Rayleigh backscattering: a method to highly compress laser linewidth

Ultra-narrow linewidth laser with several hundred hertz at room temperature has attracted a great deal of attention in recent years and played a critical role in both optical sensing and communication fields. In this paper, a new method based on Rayleigh backscattering to highly compress the laser linewidth was proposed and demonstrated theoretically and experimentally. By theoretical analysis and simulation, Rayleigh backscattering can be collected in any waveguide structure and all wave bands, which could have a revolutionary impact on the field of laser. A single-longitudinal mode fiber ring laser with 130-Hz linewidth was achieved with self-injection feedback structure at normal atmospheric temperature. The linewidth compression based on Rayleigh backscattering lies in the fact that laser linewidth after scattering is narrower than that of incident light in high Rayleigh scattering structure.

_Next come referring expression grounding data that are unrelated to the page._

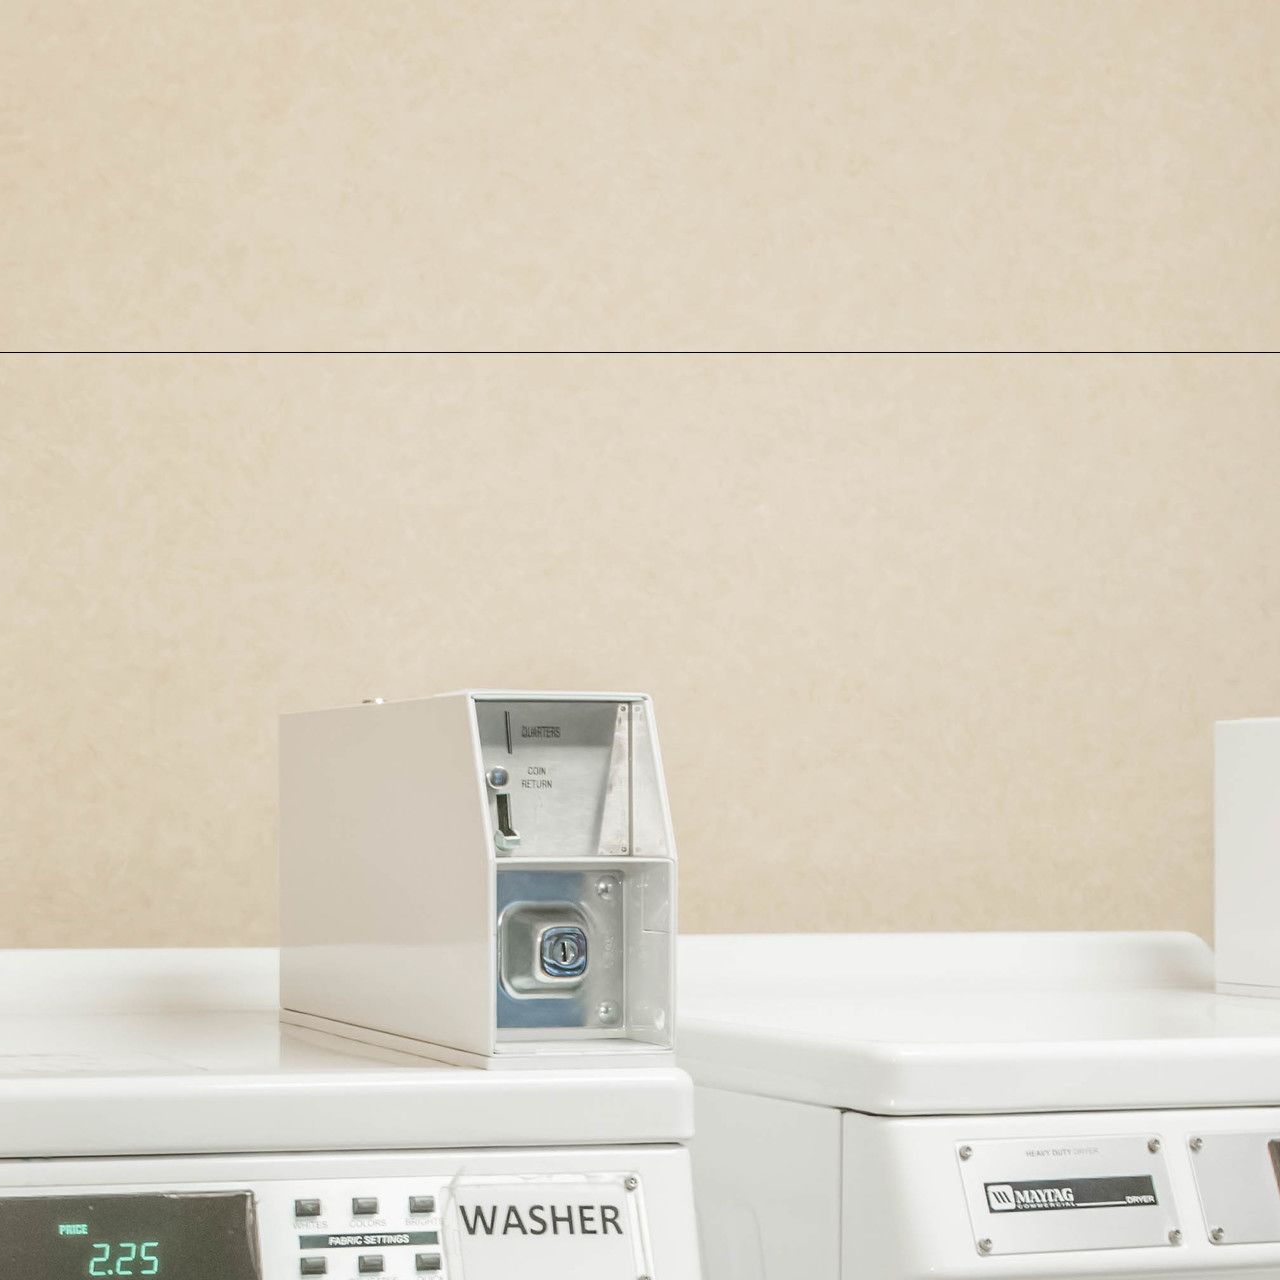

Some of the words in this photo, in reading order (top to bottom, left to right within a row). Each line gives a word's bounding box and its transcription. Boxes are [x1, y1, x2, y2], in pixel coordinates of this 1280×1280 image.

[521, 726, 561, 738] QUARTERS
[527, 767, 547, 775] COIN
[521, 780, 552, 788] RETURN
[1014, 1187, 1075, 1204] MAYTAG
[1125, 1195, 1155, 1204] DRYER
[459, 1205, 623, 1235] WASHER
[59, 1224, 88, 1235] PRICE
[329, 1236, 363, 1246] FABRIC
[364, 1234, 410, 1245] SETTINGS
[89, 1242, 159, 1276] 2.25

The self-rejection feedback method expanding free spectra range of laser cavity simultaneously was used to further suppress the mode-hopping and stabilizing output. Experimental results showed that the laser linewidth can be easily narrowed to hundreds of hertz with side-mode suppression up to 75 dB. This agrees with the theoretical analysis and simulation results qualitatively.摘要频率线宽低至数百赫兹的超窄激光器具有极低的频率噪声和超长的相干长度, 在光原子钟、引力波探测、低噪声微波信号产生、高精度激光测距以及光纤传感等领域有重要的应用. 论文首次提出了基于后向瑞利散射的激光线宽压缩模型, 实验中利用瑞利散射机制和自注入反馈结构得到了线宽低至130 Hz, 边摸抑制比高达75 dB的超窄线宽激光输出. 基于后向瑞利散射能够对任意波段的单波长或多波长激光线宽产生压缩效果, 并且通过制作和优化产生瑞利散射的波导结构, 能实现常温常态下工作的便携式超窄线宽激光装置.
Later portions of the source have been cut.